Yesterday  -  @ 05:27:06
Yesterday several storms formed along a rough line north and south of Athens, and then began moving very slowly toward the east southeast (us). Gradually they grew and merged into a ten-mile-wide band. Mid afternoon, 1.30 inches dropped on us, an inch of it falling with 30 minutes, one of the upper rainfall rates that I've detected. Quite a bonanza!

What was interesting was that 14 miles northwest, in Athens, there was no rain at all.

Also yesterday, the fellow who leases the former 300 acres of former consortium land, from which we purchased 19 acres, called Glenn. He very much wants to retain leasing rights for the hunting club that uses that land during deer hunting season.

We came up with a series of questions to ask, including rules and regulations, and one of these was what a reasonable fee would be for using the land. He had offhandedly suggested $100, and we do have a couple of neighbors who lease land and can check this out. But in the meantime:

It seems to me that for four months of the year, a lease agreement would bar us from using that land. That's 1/3 of the potential usage, so I factor that into the land's cost.

Of course we wouldn't be using it 24/7 in any event, and it wouldn't be fair to charge for the entire time, but if we did use it, say one hour out of two days, then it would be fair to ask for that amount. So I factor another 1/50.

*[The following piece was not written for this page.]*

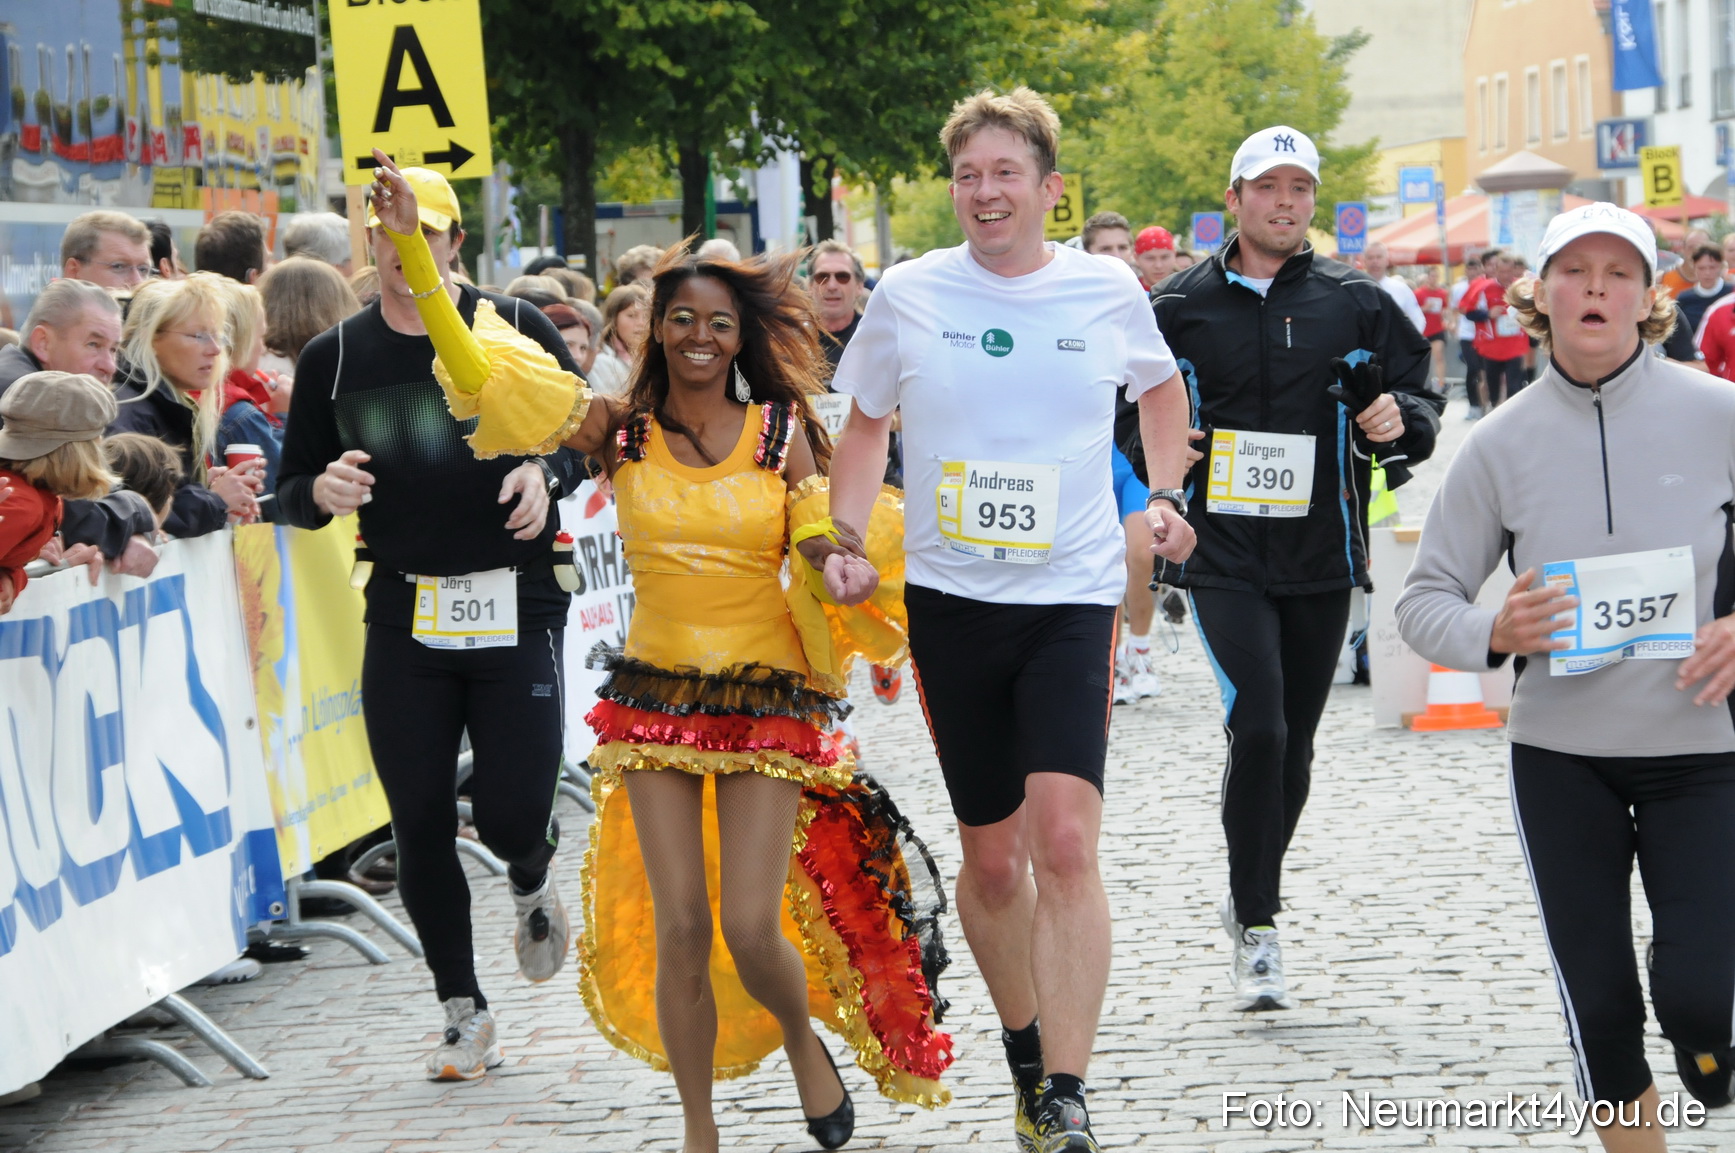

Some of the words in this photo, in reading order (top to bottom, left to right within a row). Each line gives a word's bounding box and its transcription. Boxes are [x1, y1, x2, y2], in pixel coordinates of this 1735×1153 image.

Finally, I suppose we must admit that if we are getting paid for a manager leasing the land, we must consider that he's doing us a service, and so deduct 25% for that. We come up in the end with $600 for the season.

There might be a few other considerations - we'd like one low-use day a week to bar hunting, say a Wednesday, and that would factor in.

A short sampling of search hits on related websites nets a couple of interesting points. First, I haven't found any hits for landowners charging for leasing their land, but plenty on how much hunters pay for the lease to hunt. Second, the motivation for wanting the 19 acres seems clear: the more land in one place that is available for hunters, the more attractive it is. Finally, there's quite a lively debate on the ethics of leasing land for hunting. Not from the point of view of whether it's ethical to hunt, but from the point of view of leasing cutting out local hunters who cannot afford to pay for the privilege. (In this case the 300 acres has long been leased, so any disaffected locals will have had to deal with this long ago. Not that it makes it right, if there is a right and wrong.)

I'm just curious to know if anyone else has been involved in leasing land to a hunting club and if they have any notions on the subject.

UPDATE: Pablo, in comments, asks a couple of questions that we'd add to the list, and include in our negotiations. To address the one of liability, the Official Codes of Georgia lift responsibility to the landowner for injury, provided there are no artificially constructed danger spots. The spirit of these codes is to encourage landowners to be generous in sharing their land for recreational purposes. I wrote about this last fall here, which includes the codes that are relevant. (In a rare approval of Georgia's laws, I think this is a good, progressive set of codes, however it might have been motivated. I'd like to conform to the spirit, because there are also nonhunters who might enjoy hiking and tramping along the land.)